*What is required*
Write out the lines below once more, exactly as they appear. Do not include pictures.

Dataset entries below:

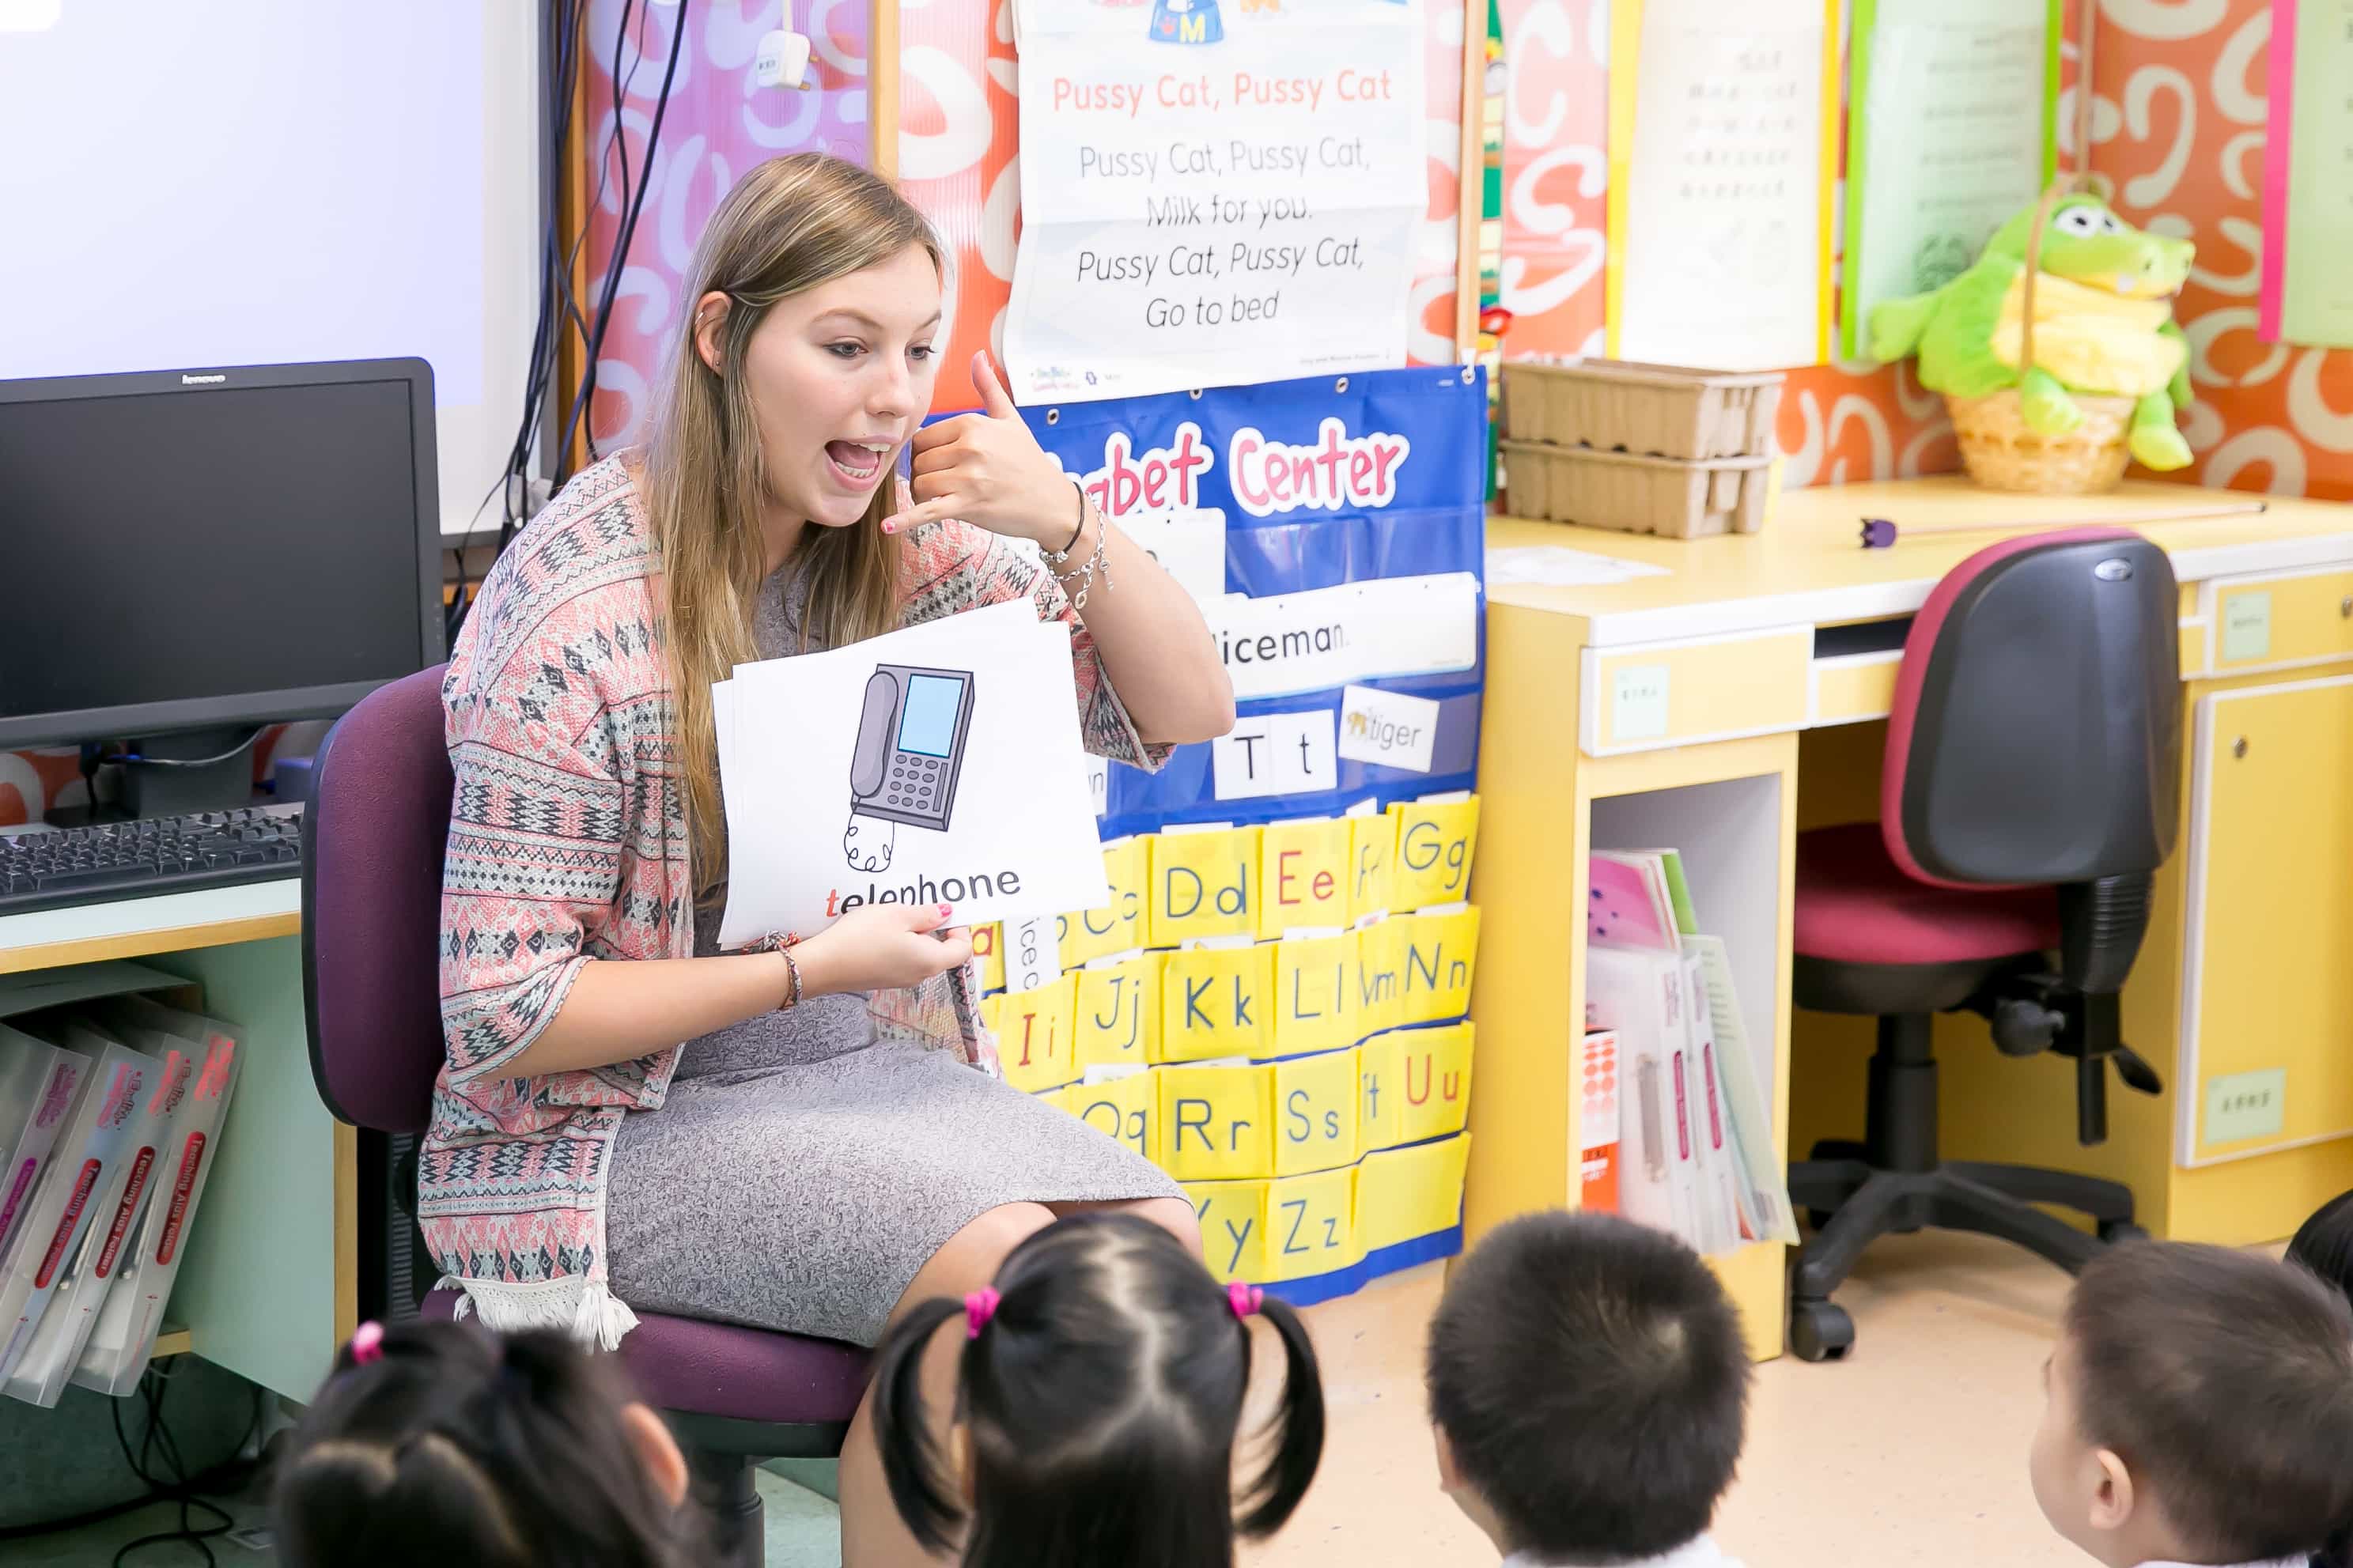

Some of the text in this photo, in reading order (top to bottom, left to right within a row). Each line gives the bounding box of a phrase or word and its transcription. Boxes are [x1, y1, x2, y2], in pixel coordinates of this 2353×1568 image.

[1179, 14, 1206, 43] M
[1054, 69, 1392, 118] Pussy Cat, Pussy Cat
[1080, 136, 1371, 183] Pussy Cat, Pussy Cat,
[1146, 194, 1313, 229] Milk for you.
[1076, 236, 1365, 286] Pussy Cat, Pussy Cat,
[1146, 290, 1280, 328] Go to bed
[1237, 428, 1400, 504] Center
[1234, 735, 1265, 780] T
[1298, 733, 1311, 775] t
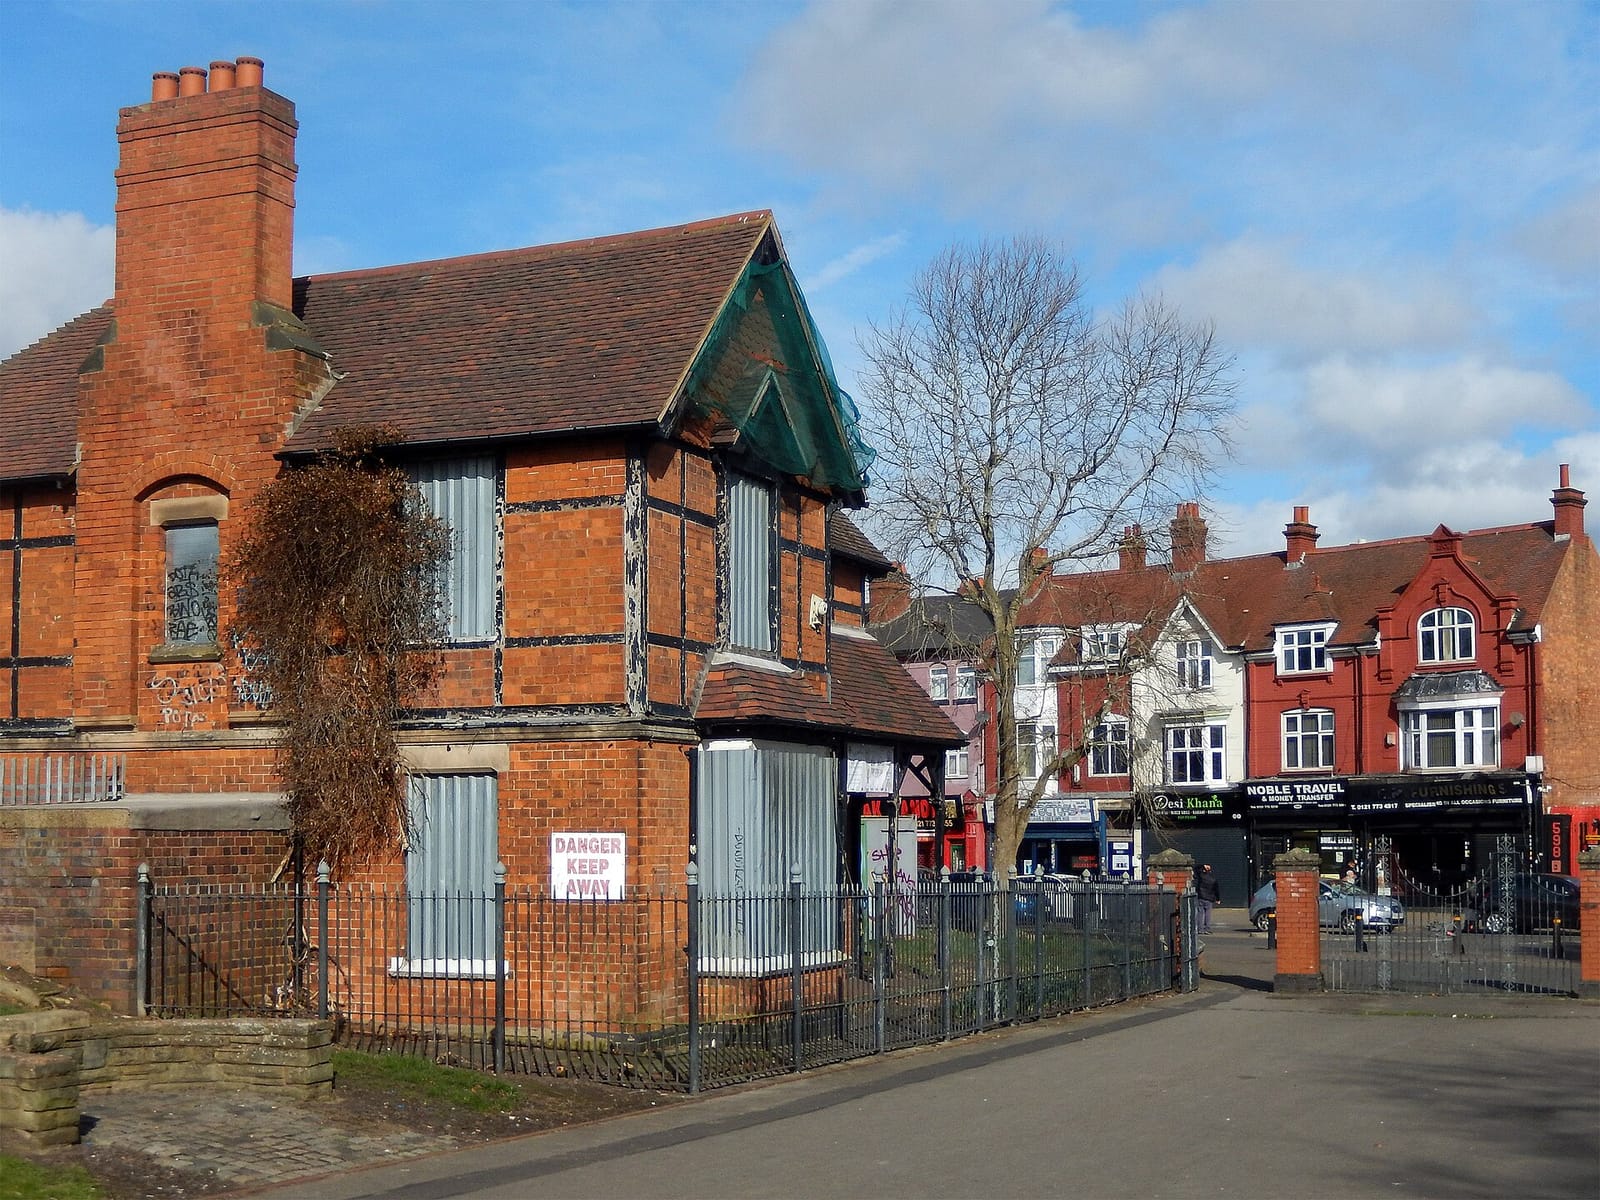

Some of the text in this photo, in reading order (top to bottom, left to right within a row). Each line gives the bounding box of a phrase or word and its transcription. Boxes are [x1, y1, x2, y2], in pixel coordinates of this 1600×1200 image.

End of Dataset entries.

*Output*
Some of the text in this photo, in reading order (top to bottom, left to right within a row). Each line gives the bounding box of a phrase or word and its transcription. Boxes are [x1, y1, x2, y2], in pixel coordinates of this 2353×1568 image.

[1179, 14, 1206, 43] M
[1054, 69, 1392, 118] Pussy Cat, Pussy Cat
[1080, 136, 1371, 183] Pussy Cat, Pussy Cat,
[1146, 194, 1313, 229] Milk for you.
[1076, 236, 1365, 286] Pussy Cat, Pussy Cat,
[1146, 290, 1280, 328] Go to bed
[1237, 428, 1400, 504] Center
[1234, 735, 1265, 780] T
[1298, 733, 1311, 775] t

Some of the text in this photo, in reading order (top to bottom, left to right within a row). Each line gives the bounding box of a phrase or word and its transcription. Boxes are [x1, y1, x2, y2], in pixel coordinates of this 1600×1200 image.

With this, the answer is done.